We had a cache in front of a paid API. It couldn't hit — not once, for weeks — and nothing told us. We were quietly paying twice for the same work.
The cache sat in our logo pipeline, in front of an image-generation API. Each call costs a few cents, and the same business often regenerates with the same inputs — a retry, a re-run, a tweak elsewhere in the flow. So we cached it: a small decorator that memoises a function's result to disk, keyed on its arguments. Same inputs in, cached image out, no second API call. The docstring even spelled out the intent: "the cache key does not include the job ID — results are shared across jobs."
The bug: one argument that's unique every call
The decorator did the obvious, general thing: hash every argument to build the key. That's the right default — a cache that silently ignores an argument is far scarier than one that keys on too much.
But the function's first parameter was job_id — a fresh UUID for every run. The docstring said the ID wasn't part of the key; the decorator had no way to know that. So every call hashed to a brand-new key:
key = sha256({
"job_id": "4f2c81…", ← unique every call — poisons the key
"mode": "new",
"name": "Acme Bakery",
"colors": ["#1b5e20", "#aaff00"],
"source": "9c41e2…", ← content hash — what SHOULD key it
})
Each run got its own bucket, wrote its result, and never read anyone else's. The keys made a cross-run hit impossible by construction — a cache directory steadily filling with entries that would never be read again.
Why nothing caught it
A broken cache is a strange kind of bug because a cache fails open: defeated, it still returns correct results — just at full price. Almost everything else in a system fails loudly — a wrong query returns wrong data, a broken send throws. Here, every output was right. Every test passed. The clearest symptom was cost: each run a few cents more than it should have been, a number far too small to stand out on a bill.

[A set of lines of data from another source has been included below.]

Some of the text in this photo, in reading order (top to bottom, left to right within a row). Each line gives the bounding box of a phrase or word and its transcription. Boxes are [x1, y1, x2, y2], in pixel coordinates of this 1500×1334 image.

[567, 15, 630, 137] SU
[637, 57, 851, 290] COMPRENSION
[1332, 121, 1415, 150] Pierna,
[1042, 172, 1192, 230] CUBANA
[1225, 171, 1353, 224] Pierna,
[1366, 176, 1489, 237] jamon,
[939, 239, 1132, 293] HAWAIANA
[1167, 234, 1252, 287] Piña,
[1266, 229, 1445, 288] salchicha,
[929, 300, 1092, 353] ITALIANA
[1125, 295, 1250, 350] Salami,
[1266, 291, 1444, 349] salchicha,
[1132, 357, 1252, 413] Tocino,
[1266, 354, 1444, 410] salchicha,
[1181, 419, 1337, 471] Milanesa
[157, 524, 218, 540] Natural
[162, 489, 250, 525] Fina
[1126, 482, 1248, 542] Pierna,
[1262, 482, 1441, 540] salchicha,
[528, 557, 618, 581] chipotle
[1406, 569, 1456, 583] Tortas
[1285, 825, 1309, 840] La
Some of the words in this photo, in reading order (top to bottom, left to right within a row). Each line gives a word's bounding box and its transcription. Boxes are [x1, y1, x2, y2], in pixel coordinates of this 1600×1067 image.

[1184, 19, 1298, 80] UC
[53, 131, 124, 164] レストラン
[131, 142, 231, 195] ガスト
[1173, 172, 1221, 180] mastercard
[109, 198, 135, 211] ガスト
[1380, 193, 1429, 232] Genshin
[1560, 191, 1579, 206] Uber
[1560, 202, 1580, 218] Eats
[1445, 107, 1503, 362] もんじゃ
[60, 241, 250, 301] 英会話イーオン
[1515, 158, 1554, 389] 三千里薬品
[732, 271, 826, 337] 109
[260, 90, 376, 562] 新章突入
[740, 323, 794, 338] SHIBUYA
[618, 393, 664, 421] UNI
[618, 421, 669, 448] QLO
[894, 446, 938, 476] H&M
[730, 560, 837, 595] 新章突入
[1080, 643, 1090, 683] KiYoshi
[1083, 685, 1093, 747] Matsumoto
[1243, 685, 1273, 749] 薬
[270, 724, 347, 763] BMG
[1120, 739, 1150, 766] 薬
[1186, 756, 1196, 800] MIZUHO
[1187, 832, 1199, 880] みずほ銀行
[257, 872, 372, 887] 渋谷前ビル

It surfaced in a code review, not in monitoring — someone read the decorator, read the docstring's claim, and noticed the wrapper couldn't possibly honour it. The docstring described the design; the code shipped something else; and no test pinned the difference.
There was a second bug hiding behind the first, and it's the part that stuck with us: the cached value included raw image bytes, which the JSON serializer was quietly mangling into a string. If the cache had ever hit, the read would have returned corrupted data. Because no read ever happened, that path was never exercised — the 0% hit rate was concealing a 100% corruption rate.
The fix: key on what shapes the output, carry the rest
The repair was a split. The public function keeps its signature and owns the per-call side effects — writing the image into this job's folder, recording metadata. The cached inner function does only the expensive API round-trip, and its arguments are exactly the things that shape the output: mode, business name, style hints, colours, and a content hash of the source image. The job ID never reaches it.
One wrinkle: the inner function still needs the source image bytes to make the API call, but bytes in the key would bloat it — and their identity is already captured by the content hash sitting next to them. So the decorator learned one convention: an argument whose name starts with an underscore is passed through to the function but excluded from the key.
@cacheable
def _generate_cached(mode, name, style, colors, source_hash, *, _source_bytes=None):
... # the API call — keyed on everything except _source_bytes
And because the original bug was invisible by nature, the regression test asserts the one thing that matters: call the function twice with two different job IDs and identical inputs, and the API client mock must record exactly one call — while both jobs still get their own file on disk.
What we took away
Two rules of thumb came out of this:
- A cache key should contain what shapes the output — nothing more, nothing less. Anything per-call (IDs, timestamps, destination paths) splits identical work into separate entries; anything missing serves stale results. If a large input is already represented by a hash in the key, pass the input itself separately.
- Test the hit, not just the result. A cache is one of the few components where "all outputs correct" proves nothing. The only honest test counts calls to the expensive thing underneath.
And one habit: when a docstring makes a claim about behaviour ("X is not part of the key"), that claim is a test waiting to be written. Ours sat in prose for weeks, being false the whole time.